On the other hand, Angela Helleur, who is also a midwife expert and chief nursing officer for Lewisham and Greenwich NHS Trust, told the coroner in her statement that it is 'common practice' for midwives to advise on breastfeeding in bed.
She said: "We haven't got much option in terms of where the breastfeeding occurs. The important advice to give is if women feel tired or sleepy to put the baby back in the crib."
The coroner in charge also expressed concern that breastfeeding in bed sometimes happens at the request of the mother, and the feeding moms usually have the curtains drawn around the bed, which is a serious reason why problems could not be noticed quickly. Westhead explained that this scenario takes place because women don't want people walking past while they are breastfeeding.
Pollard, after recording a narrative verdict, stated that Louie died as a result of undiagnosed bronchopneumonia and symptoms of a common cold, added with an accidental obstruction of his airways whilst in bed following a breastfeed. The coroner has now written to the Bolton NHS Foundation Trust raising his concerns about breastfeeding advice that is currently being given out by midwives and healthcare assistants as well as the absence of some details from standard records.
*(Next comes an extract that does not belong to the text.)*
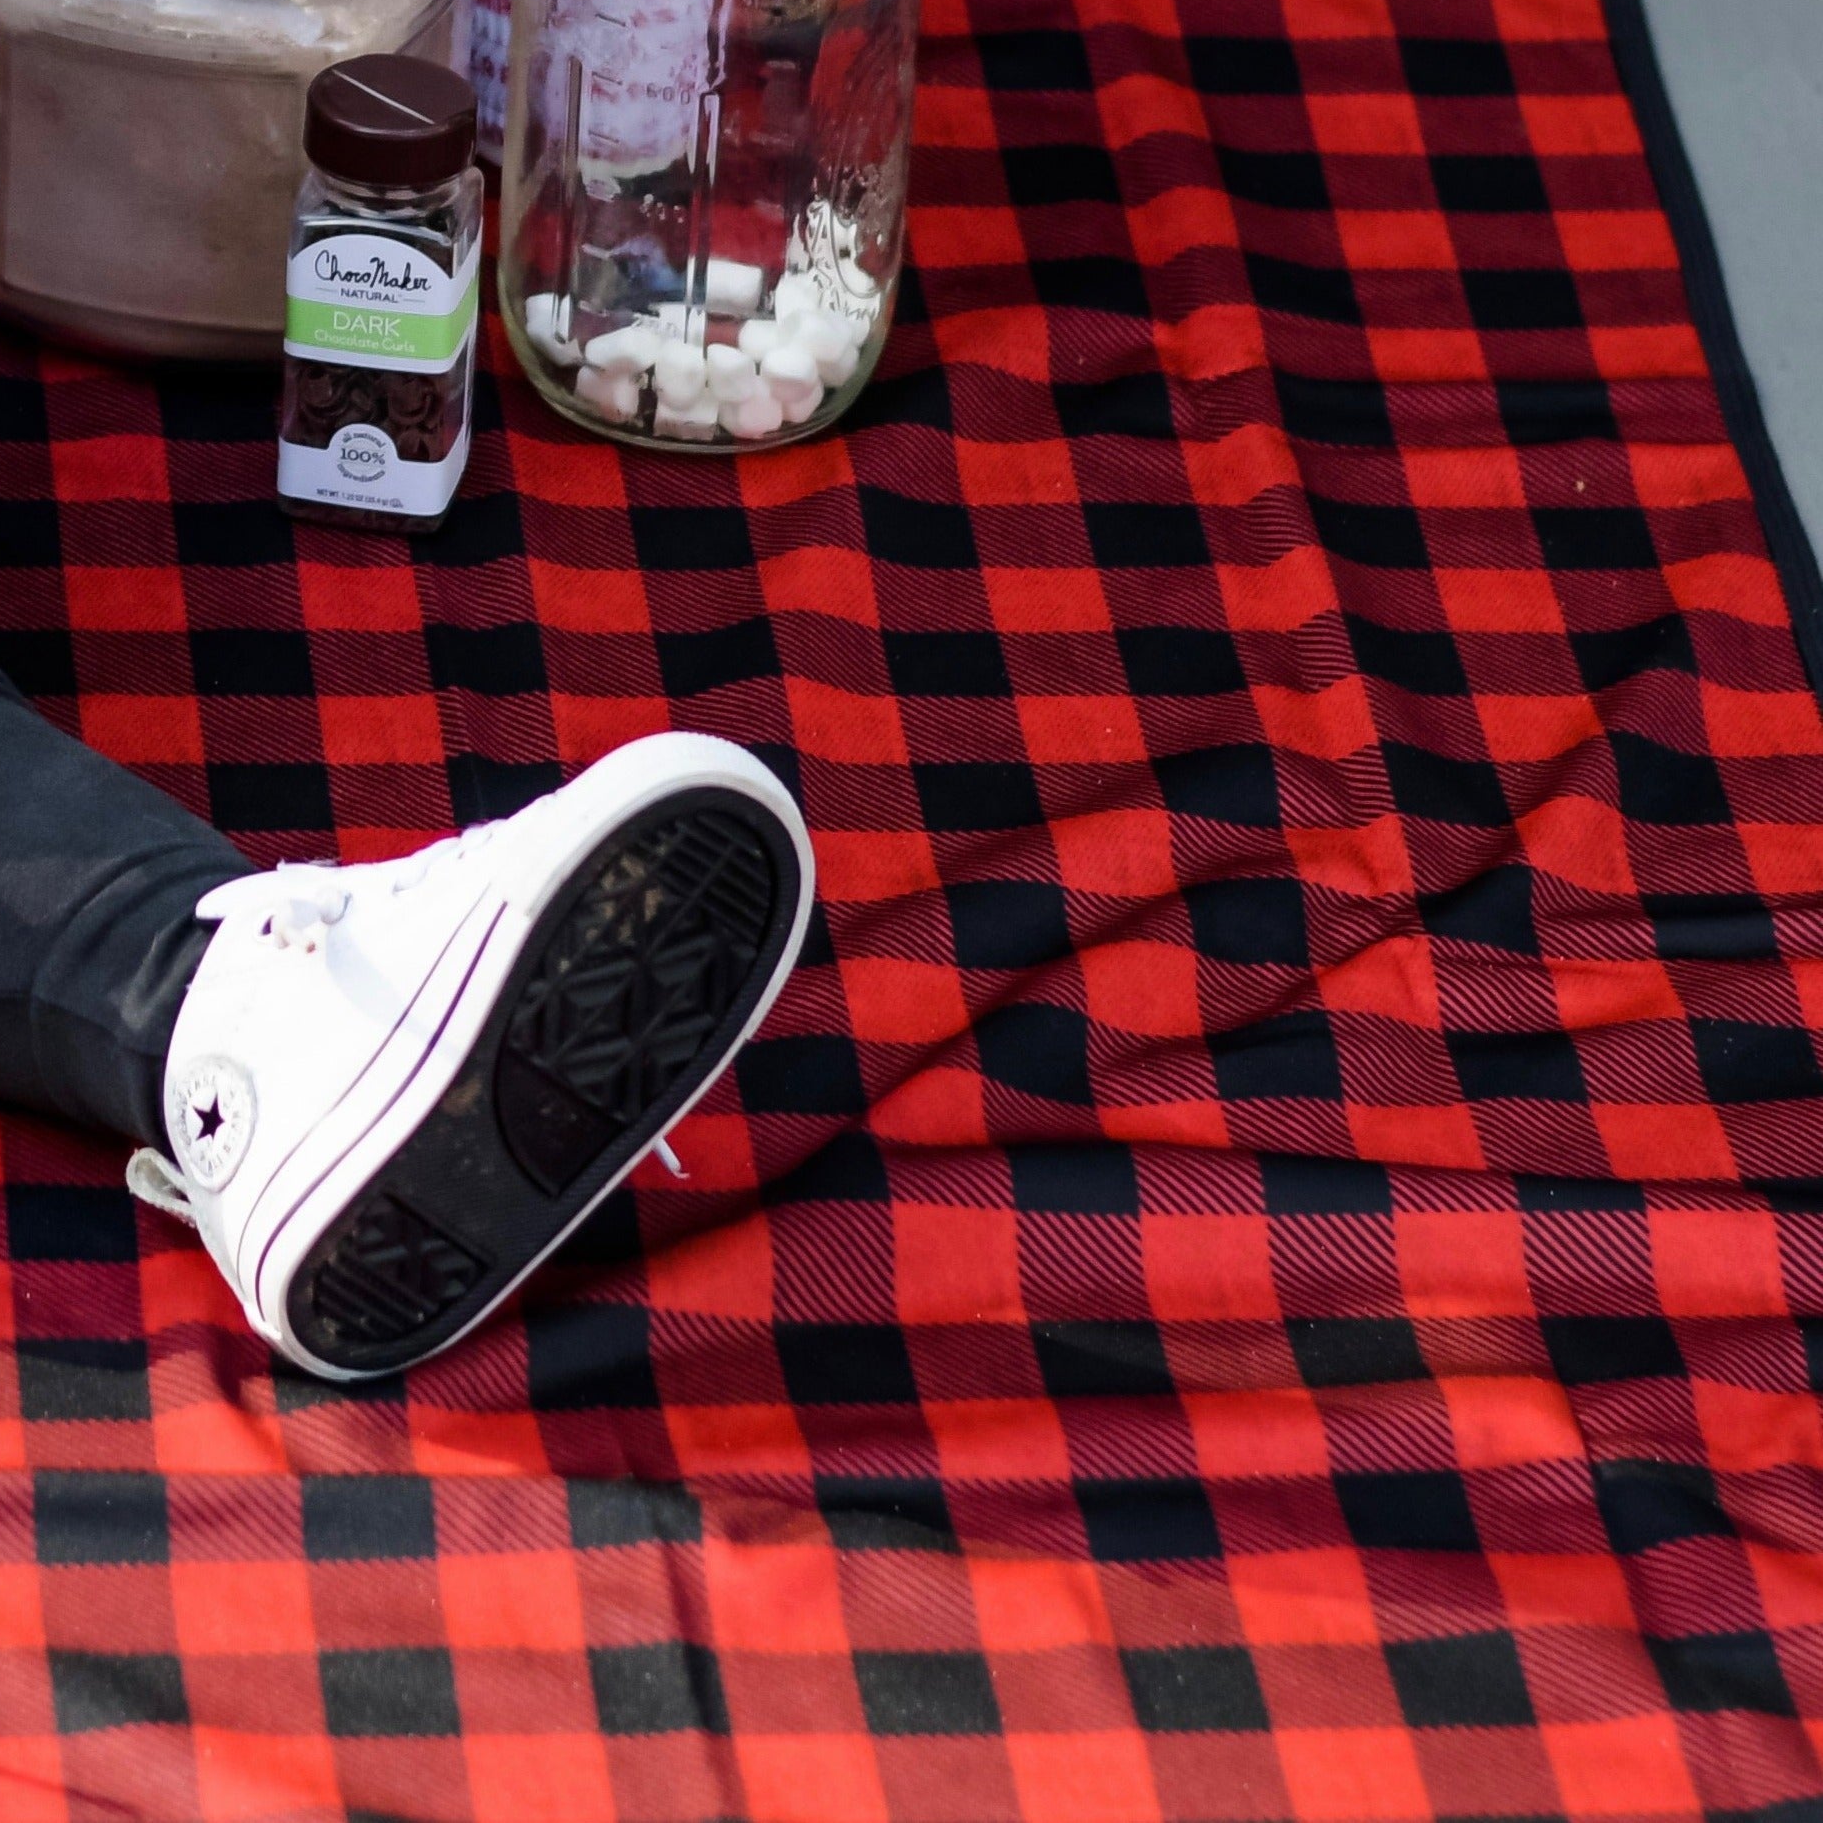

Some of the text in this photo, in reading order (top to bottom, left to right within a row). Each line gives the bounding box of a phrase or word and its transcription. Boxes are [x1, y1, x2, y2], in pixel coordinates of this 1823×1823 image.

Following the inquest Val Clare, Head of Midwifery at Bolton NHS Foundation Trust, said: "It is such a tragedy when the unexpected death of a baby takes place. This was a very rare event and we feel for Louie's family. We are a Level Three UNICEF baby friendly initiative accredited unit which is the highest standard for breastfeeding and is a prestigious award, however, we always strive for improvement and so, taking into account the coroner's comments, will review guidance."